* [What to work on]:
What is needed here is each entry reproduced exactly, without its pictures.

* [Extracted entries]:
--------------------------------------------------
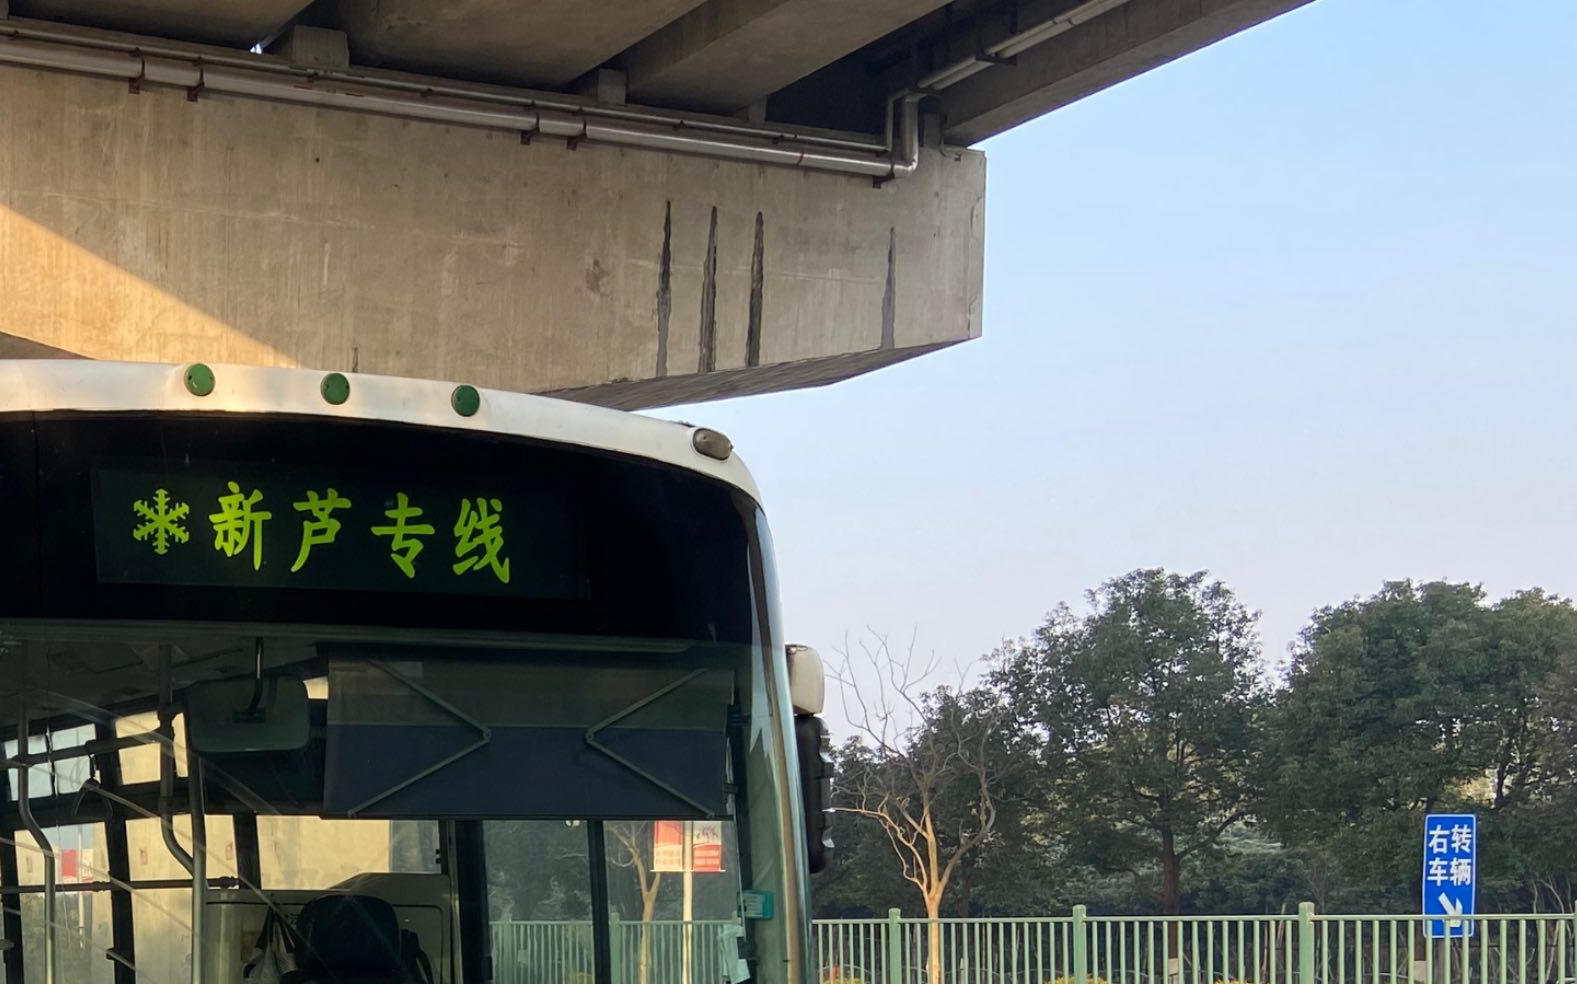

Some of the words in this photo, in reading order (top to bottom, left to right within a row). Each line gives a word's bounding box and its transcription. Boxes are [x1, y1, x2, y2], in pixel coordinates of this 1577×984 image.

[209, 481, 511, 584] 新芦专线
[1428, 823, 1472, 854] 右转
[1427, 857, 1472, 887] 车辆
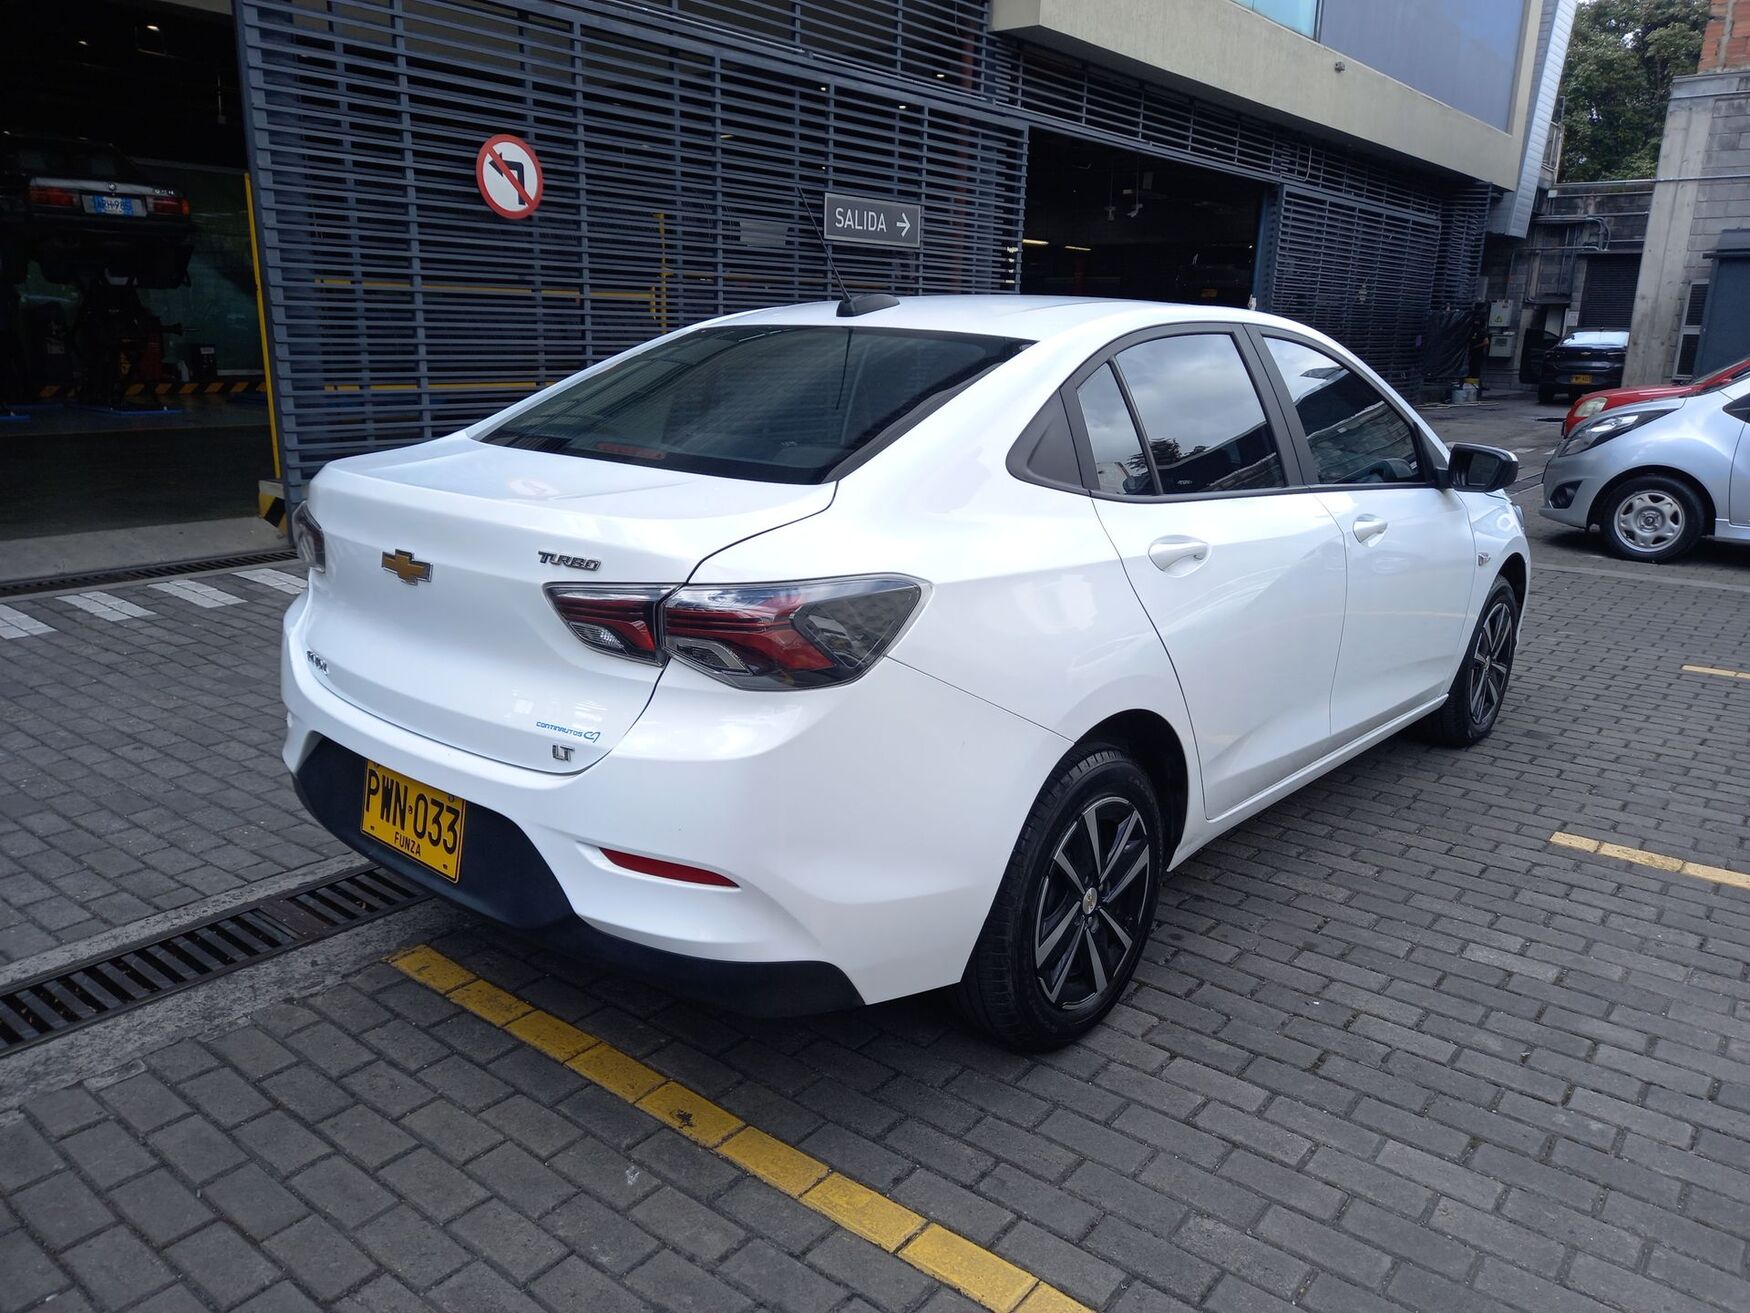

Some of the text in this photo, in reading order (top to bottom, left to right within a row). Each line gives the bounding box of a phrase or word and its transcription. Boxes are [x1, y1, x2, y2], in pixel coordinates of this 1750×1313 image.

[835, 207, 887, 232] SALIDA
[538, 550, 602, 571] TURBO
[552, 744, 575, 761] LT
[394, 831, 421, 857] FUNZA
--------------------------------------------------
* [Worked solution]:
Some of the words in this photo, in reading order (top to bottom, left to right within a row). Each line gives a word's bounding box and its transcription. Boxes are [x1, y1, x2, y2], in pixel coordinates of this 1577×984 image.

[209, 481, 511, 584] 新芦专线
[1428, 823, 1472, 854] 右转
[1427, 857, 1472, 887] 车辆

Some of the text in this photo, in reading order (top to bottom, left to right within a row). Each line gives the bounding box of a phrase or word and its transcription. Boxes are [x1, y1, x2, y2], in pixel coordinates of this 1750×1313 image.

[835, 207, 887, 232] SALIDA
[538, 550, 602, 571] TURBO
[552, 744, 575, 761] LT
[394, 831, 421, 857] FUNZA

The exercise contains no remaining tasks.